Big O Notation
Measure how an algorithm's time and space grow as input size increases
Overview
Big O notation describes how an algorithm's running time or memory use grows relative to the size of its input, n. It ignores constants and focuses on the dominant term so you can compare approaches independently of hardware. Use it to reason about scalability before you ever run the code.
Syntax / Usage
You count the operations that grow with the input and keep only the largest term.
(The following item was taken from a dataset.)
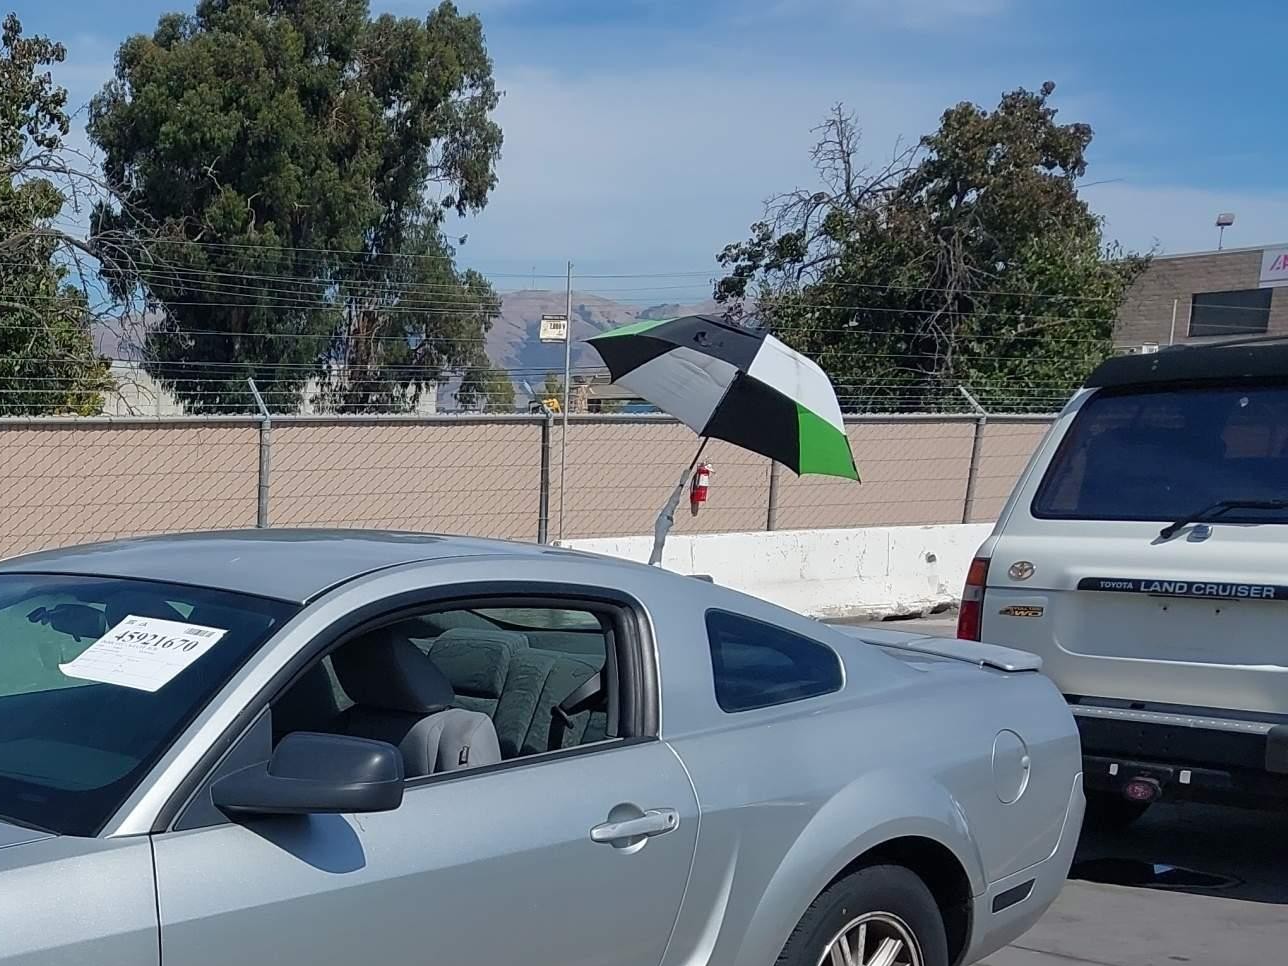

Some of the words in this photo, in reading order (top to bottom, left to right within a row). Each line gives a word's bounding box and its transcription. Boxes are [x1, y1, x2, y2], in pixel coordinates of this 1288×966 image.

Common classes from fastest to slowest are O(1), O(log n), O(n), O(n log n), O(n^2), and O(2^n).
# O(1) - constant: one operation regardless of n
def first_item(items):
return items[0]
# O(n) - linear: work grows with the list length
def contains(items, target):
for item in items: # runs n times
if item == target:
return True
return False
# O(n^2) - quadratic: nested loops over the same input
def has_duplicate(items):
for i in range(len(items)):
for j in range(i + 1, len(items)):
if items[i] == items[j]:
return True
return False
Examples
Constant time lookups make dictionaries powerful for membership checks:
# O(1) average lookup instead of O(n) scanning
seen = {"apple", "banana"}
print("apple" in seen) # near-instant regardless of set size
Linear time summation touches every element exactly once:
# O(n) time, O(1) extra space
def total(numbers):
running = 0
for n in numbers:
running += n
return running
Common Mistakes
- Confusing best case with worst case; Big O usually describes the worst case.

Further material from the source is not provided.